Unique and outstanding physical and chemical properties of zeolite materials make them extremely useful in a variety of applications including agronomy, ecology, manufacturing, and industrial processes. Recently, a more specific application of one naturally occurring zeolite material, clinoptilolite, has been widely studied in veterinary and human medicine. Due to a number of positive effects on health, including detoxification properties, the usage of clinoptilolite-based products in vivo has increased enormously. However, concerns have been raised in the public about the safety of clinoptilolite materials for in vivo applications. Here, we review the scientific literature on the health effects and safety in medical applications of different clinoptilolite-based materials and propose some comprehensive, scientifically-based hypotheses on possible biological mechanisms underlying the observed effects on the health and body homeostasis. We focus on the safety of the clinoptilolite material and the positive medical effects related to detoxification, immune response, and the general health status.

Keywords: antioxidant properties; clinoptilolite; immunostimulation; toxicology; zeolite.

FIGURE 1

The generally accepted and studied clinoptilolite effects on the human body in vivo. Observed clinically relevant effects on organs and systems for different clinoptilolite materials in vivo are due to major clinoptilolite properties: detoxification, antioxidant effect, release of trace elements, and positive influence on the microbiota status in the intestine as described in Table 1. These effects were documented in animals and humans for clinoptilolite material used as supplementation to regular diet in a powdered form.

FIGURE 2

A simplified schematic of the clinoptilolite structure: linked SiO₄ tetrahedra and pores with metal cations available for ion-exchange with environmental cations (e.g., caesium, Cs⁺) that are consequently trapped into the clinoptilolite pores. As naturally occurring clinoptilolite comes with pre-loaded cations (e.g., calcium, Ca²⁺), ion-exchange may occur depending on the ion-exchange capacity and cation affinity of the material, as well as on physical properties of the surrounding environment.

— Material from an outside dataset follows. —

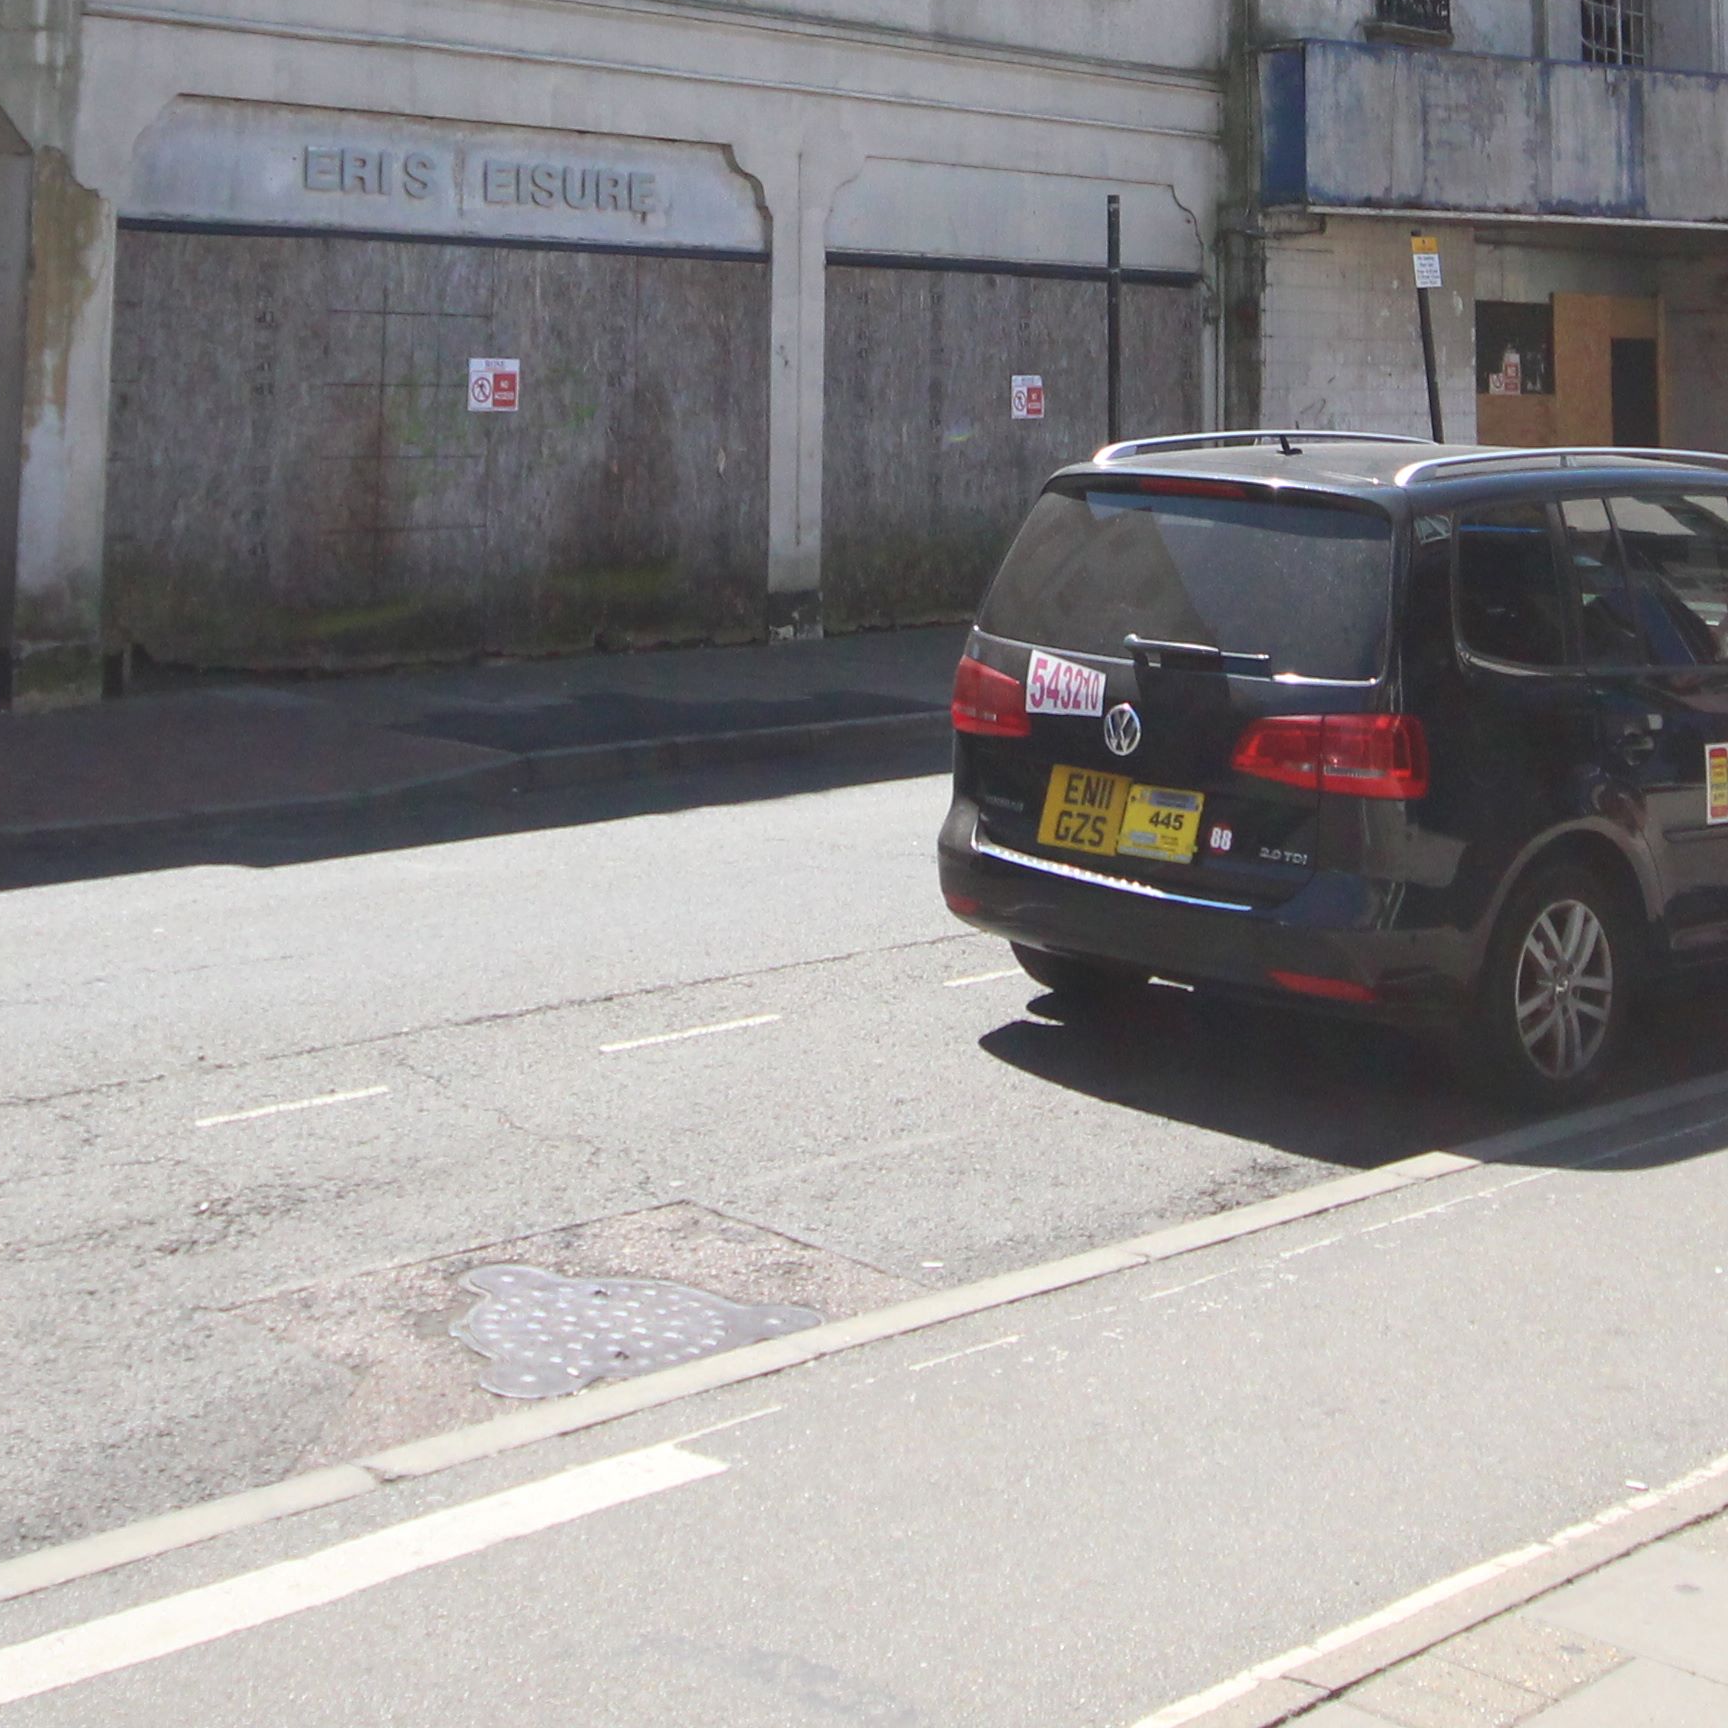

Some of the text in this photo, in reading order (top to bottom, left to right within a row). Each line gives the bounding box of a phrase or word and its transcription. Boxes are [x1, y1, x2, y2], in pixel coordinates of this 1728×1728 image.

[1030, 657, 1101, 711] 543210
[1055, 810, 1108, 848] GZS
[1149, 811, 1185, 831] 445

In the herein presented simplified example, Cs⁺ enters in the zeolite pores instead of Ca²⁺ (adapted from http://www.chemtube3d.com/solidstate/SS-Z-Clinoptilolite.htm Creative Commons Attribution-Non-commercial-Share Alike 2.0 UK: England and Wales License). A detailed explanation of the clinoptilolite structure is given in the Database of Zeolite Structures (http://europe.iza-structure.org/IZA-SC/ftc_table.php).

FIGURE 3

Proposed model of clinoptilolite positive immunomodulatory effect in the intestinal epithelium (denoted with red arrows) through interaction of clinoptilolite tuff particles with microfold cells (M-cells). Clinoptilolite tuff released particles are denoted by ‘C.’ M-cells are hypothesized to transport luminal clinoptilolite tuff released particles across the epithelial barrier and present them to immunological cells (e.g., dendritic cells) in the lamina propria and the Peyer’s patches. The latter are rich in T cells, macrophages, and clinoptilolite- activated IgA secreting B and plasma cells. The single layer of the intestinal epithelium is protected by mucus containing mucin glycoproteins where immunoglobulin A (IgA) and antimicrobial peptides prevent interaction of microbiota with the cell surface. Question marks (?) and blue arrows denote still unknown interactions of clinoptilolite with microbiota and microbiota with the lumen and epithelia.